> What you will do
Nothing in the records below should be altered in the copy, although the pictures must be left out.

> Available records
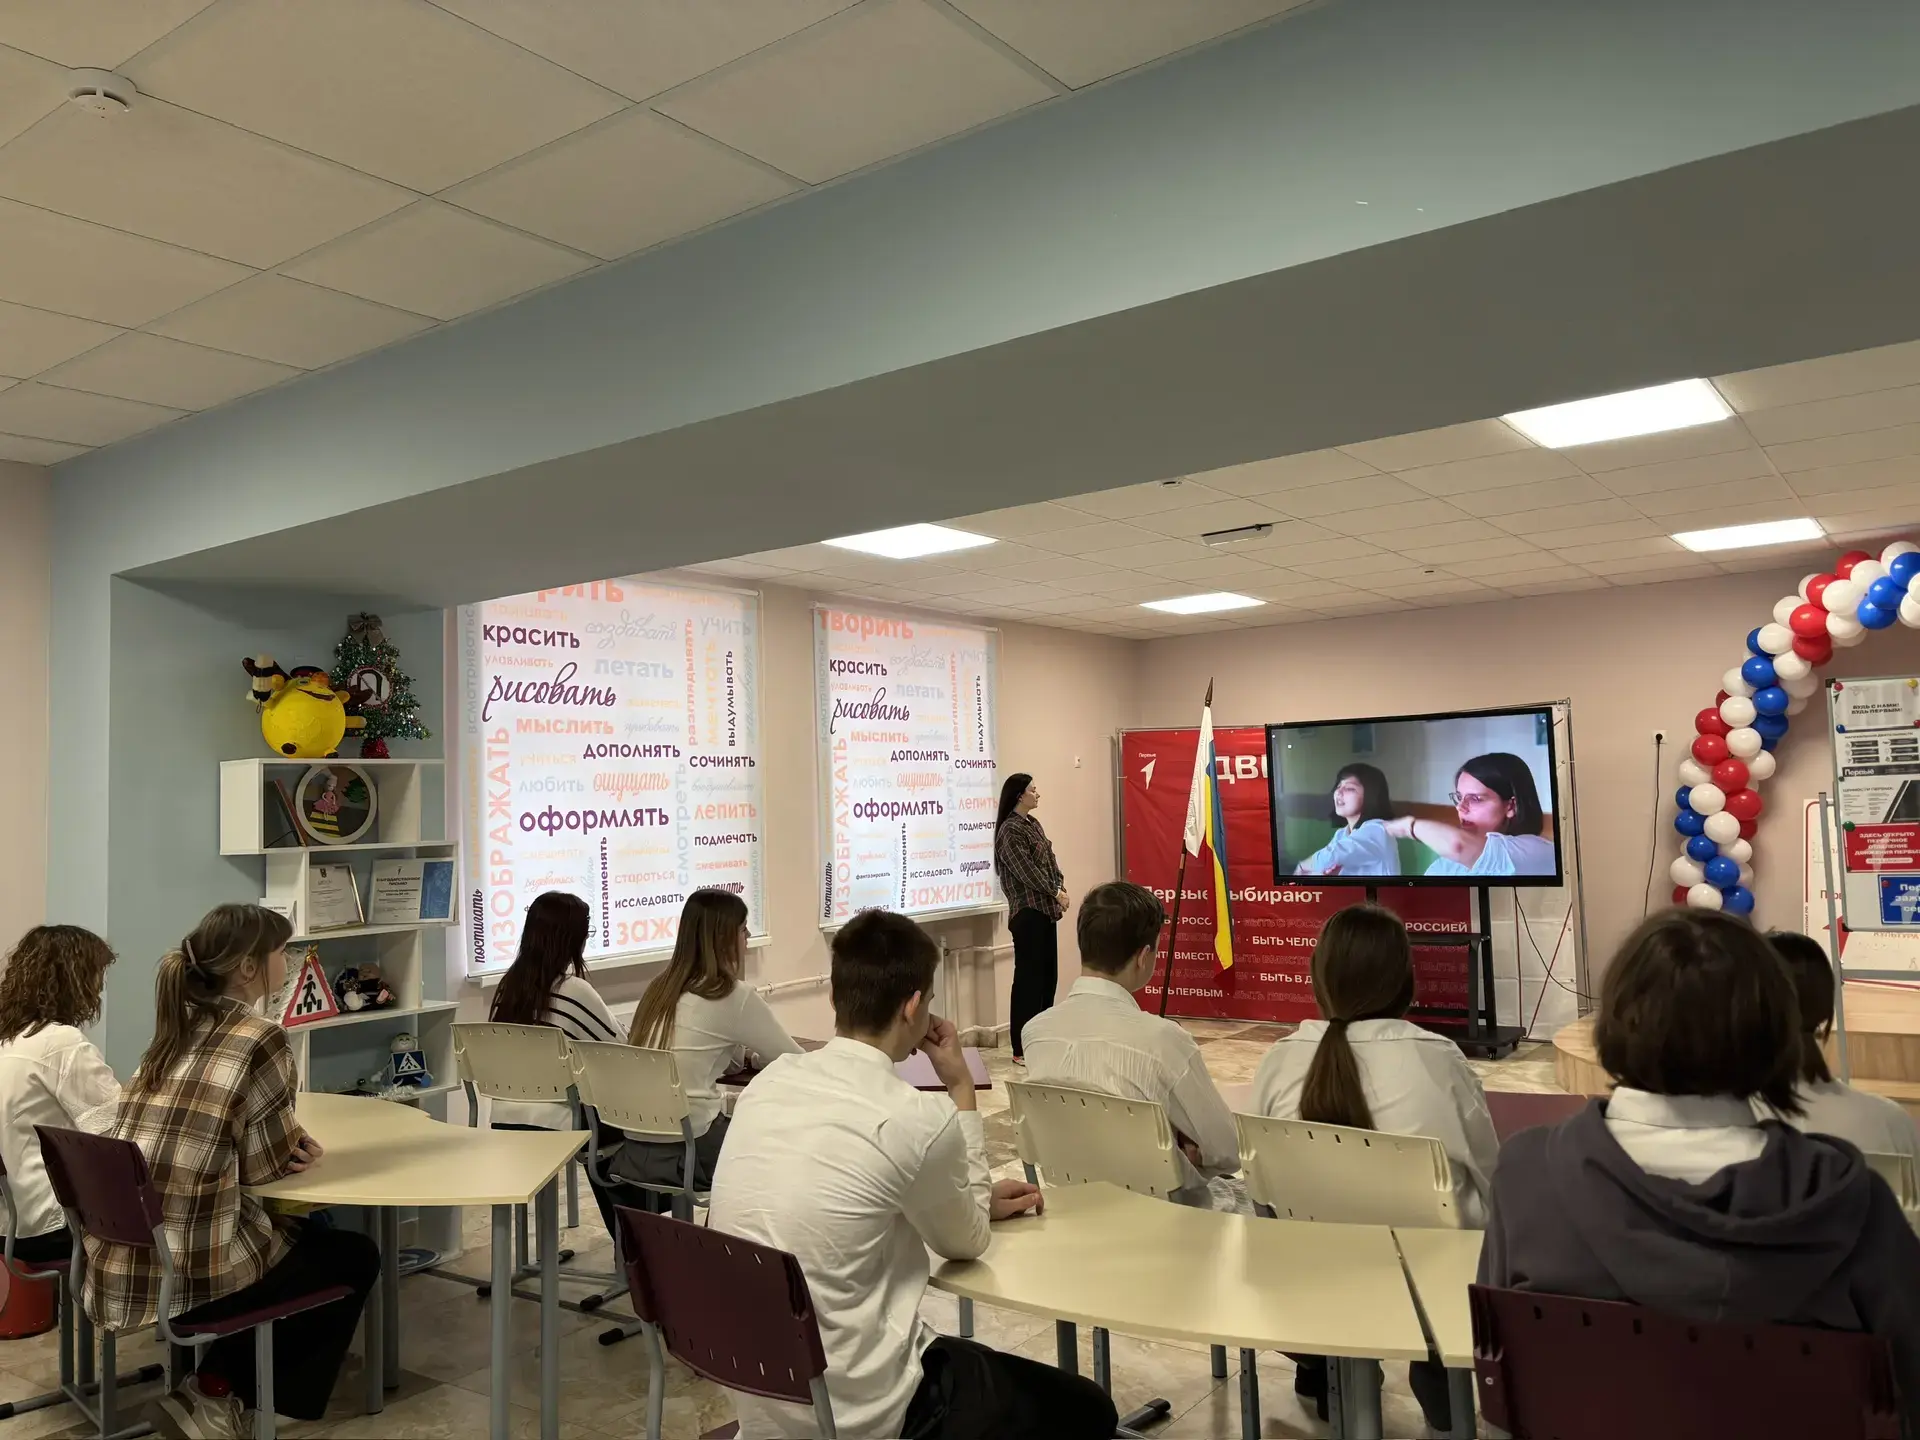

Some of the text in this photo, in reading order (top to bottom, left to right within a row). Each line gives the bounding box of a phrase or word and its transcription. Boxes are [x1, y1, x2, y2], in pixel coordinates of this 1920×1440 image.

[701, 617, 754, 635] учить
[483, 623, 580, 648] красить
[485, 655, 554, 668] улавливать
[595, 658, 674, 679] летать
[829, 658, 888, 676] красить
[685, 618, 698, 746] разглядывать
[482, 661, 617, 722] рисовать
[725, 650, 736, 747] выдумывать
[896, 684, 944, 699] летать
[830, 687, 910, 735] рисовать
[976, 675, 984, 752] выдумывать
[516, 717, 614, 735] мыслить
[850, 731, 909, 743] мыслить
[583, 743, 680, 760] дополнять
[890, 749, 950, 762] дополнять
[689, 755, 755, 768] сочинять
[955, 759, 997, 770] сочинять
[519, 778, 584, 793] любить
[593, 772, 670, 802] ощущать
[853, 776, 892, 788] любить
[694, 802, 757, 820] лепить
[853, 797, 943, 822] оформлять
[959, 797, 998, 811] лепить
[519, 805, 669, 837] оформлять
[675, 763, 691, 887] смотреть
[833, 738, 851, 917] ИЗОБРАЖАТЬ
[958, 821, 996, 832] подмечат
[487, 726, 515, 961] ИЗОБРАЖАТЬ
[694, 833, 757, 846] подмечать
[695, 860, 748, 870] смешивать
[910, 868, 953, 879] исследовать
[614, 870, 675, 884] стараться
[600, 836, 610, 948] воспламенять
[823, 861, 832, 918] постигать
[910, 880, 992, 907] зажигать
[1229, 886, 1323, 905] ыбирают
[614, 893, 684, 909] исследовать
[472, 889, 485, 963] постигать
[1405, 921, 1467, 932] РОССИЕЙ
[1252, 935, 1317, 947] БЫТЬ ЧЕЛО
[1260, 973, 1292, 983] БЫТЬ
[1294, 974, 1302, 983] В
[1176, 987, 1223, 998] ПЕРВЫМ
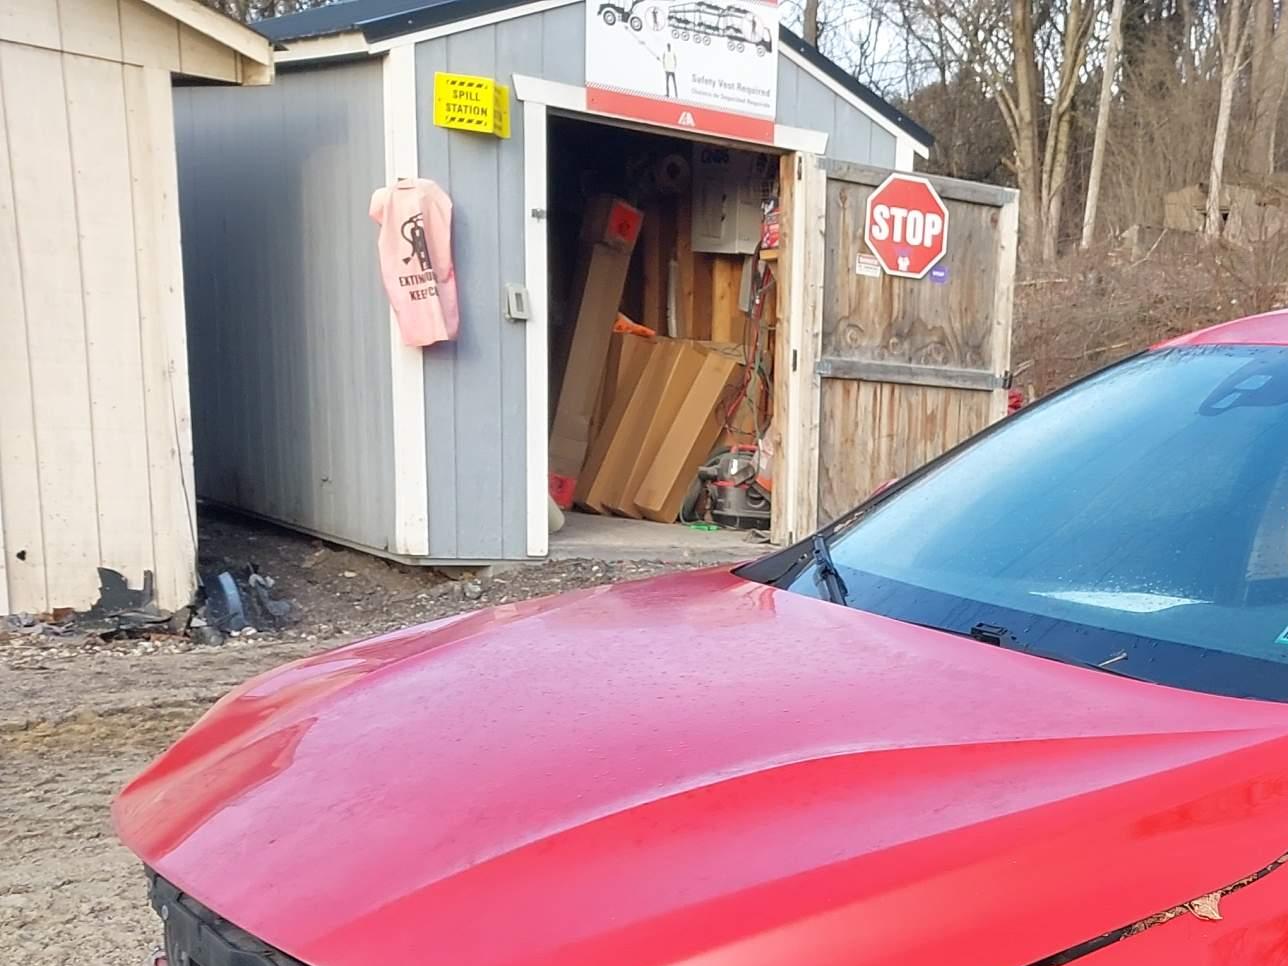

> Answer below
Some of the text in this photo, in reading order (top to bottom, left to right within a row). Each line gives the bounding box of a phrase or word and its transcription. Boxes are [x1, y1, x2, y2], in pixel coordinates of this 1920×1440 image.

[701, 617, 754, 635] учить
[483, 623, 580, 648] красить
[485, 655, 554, 668] улавливать
[595, 658, 674, 679] летать
[829, 658, 888, 676] красить
[685, 618, 698, 746] разглядывать
[482, 661, 617, 722] рисовать
[725, 650, 736, 747] выдумывать
[896, 684, 944, 699] летать
[830, 687, 910, 735] рисовать
[976, 675, 984, 752] выдумывать
[516, 717, 614, 735] мыслить
[850, 731, 909, 743] мыслить
[583, 743, 680, 760] дополнять
[890, 749, 950, 762] дополнять
[689, 755, 755, 768] сочинять
[955, 759, 997, 770] сочинять
[519, 778, 584, 793] любить
[593, 772, 670, 802] ощущать
[853, 776, 892, 788] любить
[694, 802, 757, 820] лепить
[853, 797, 943, 822] оформлять
[959, 797, 998, 811] лепить
[519, 805, 669, 837] оформлять
[675, 763, 691, 887] смотреть
[833, 738, 851, 917] ИЗОБРАЖАТЬ
[958, 821, 996, 832] подмечат
[487, 726, 515, 961] ИЗОБРАЖАТЬ
[694, 833, 757, 846] подмечать
[695, 860, 748, 870] смешивать
[910, 868, 953, 879] исследовать
[614, 870, 675, 884] стараться
[600, 836, 610, 948] воспламенять
[823, 861, 832, 918] постигать
[910, 880, 992, 907] зажигать
[1229, 886, 1323, 905] ыбирают
[614, 893, 684, 909] исследовать
[472, 889, 485, 963] постигать
[1405, 921, 1467, 932] РОССИЕЙ
[1252, 935, 1317, 947] БЫТЬ ЧЕЛО
[1260, 973, 1292, 983] БЫТЬ
[1294, 974, 1302, 983] В
[1176, 987, 1223, 998] ПЕРВЫМ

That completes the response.